HTTP is Language Agnostic

With HTTP you can browse the web, make a REST request, hack Snapchat, or make SOAP requests. But helper libraries need to be Language Idiomatic. A Python developer doesn’t care if your libraries behave the same way — they must behave in a way that makes sense for that specific language.

Python example using Twilio’s REST client:

client = TwilioRestClient(“accountSid”, “authToken”)

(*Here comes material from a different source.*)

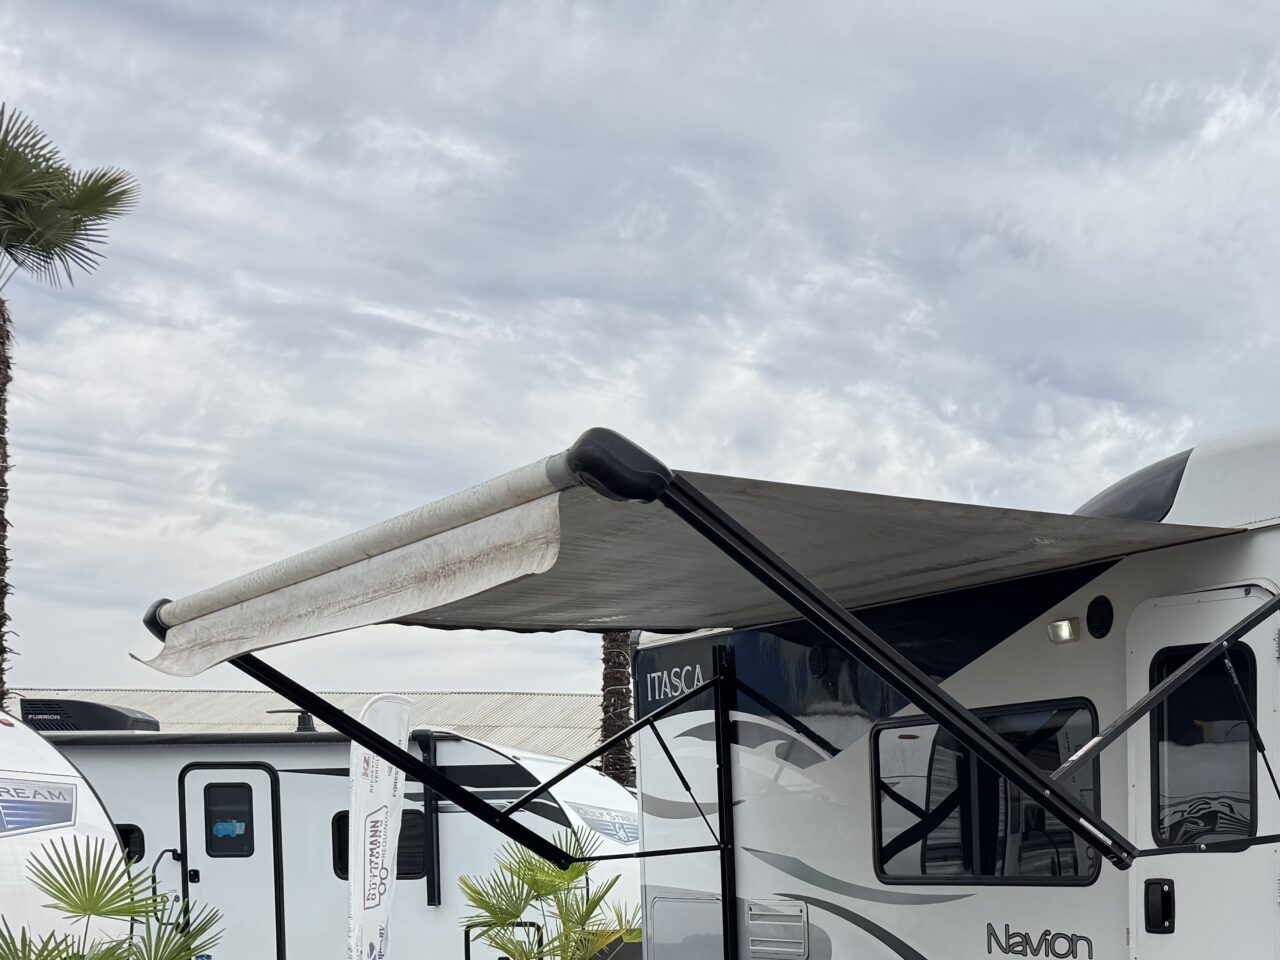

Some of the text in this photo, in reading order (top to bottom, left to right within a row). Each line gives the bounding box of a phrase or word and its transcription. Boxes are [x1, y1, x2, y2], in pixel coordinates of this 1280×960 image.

[646, 664, 704, 701] ITASCA
[0, 786, 67, 801] REAM
[987, 922, 1093, 960] Navion

message = client.messages.create(to=”+12316851234”,
					from_=”_15555555555”,
					body=”Hello there!”)

On the other hand, C# needs to look and behave like C#:

var twilio = new TwilioRestClient(“accountSid”, “authToken”);

var msg = twilio.SendMessage(“+15554446666”,  
                “+15557778888”,  
                “that was easy!”);  

5 Tips for Helper Library Design

  • Keep Vocabulary consistent with documentation: Though client libraries need to be catered to the doctrine of the specific language in mind, they still must be consistent with your REST API documentation and parameter vocabulary. These terms should be coherent across all resources that integrate with your platform. Being idiomatic with languages is important, but terms and features need to be consistent.
  • Surface Area: How much of your API should your helper library cover? The answer is all. Wawra recommends to marry the API with the web representation. This means that all functions your website can do, your API should handle as well, and in turn your helper library as well. If you are using an API-first building strategy, this becomes a lot more intuitive.
  • Simultaneous platform-wide publishing and updates: There is no point in versioning your API or adding new features if your helper libraries are not in sync with updates. The rule of thumb is, for your officially maintained libraries, release changes to API functionality across documentation and all libraries simultaneously.
  • TEST: Treat your helper library as a product, and test just as vigorously as you would your API.
  • Open Source: It’s not a strategy for every company, but API developers love Github, and providers can benefit from the community aspect of open-sourcing their library. Creating a community around your APIs and libraries encourages improvement to the code.

Last Line of API Code: Your API is Never Really Finished

At the end of the day, the helper library that you ship will live on the user’s app. Since it is in the user’s app — you have limited control. However, developers are always creating new apps, meaning that your API is never truly finished. Having an agile mindset with constant iteration is crucial. Stay tuned for future posts, in which we’ll explore simultaneous platform-wide versioning, how to automate SDK generation using tools like APImatic and RESTUnited, and dive deeper into deciding which is better — open sourcing your helper library or maintaining it internally?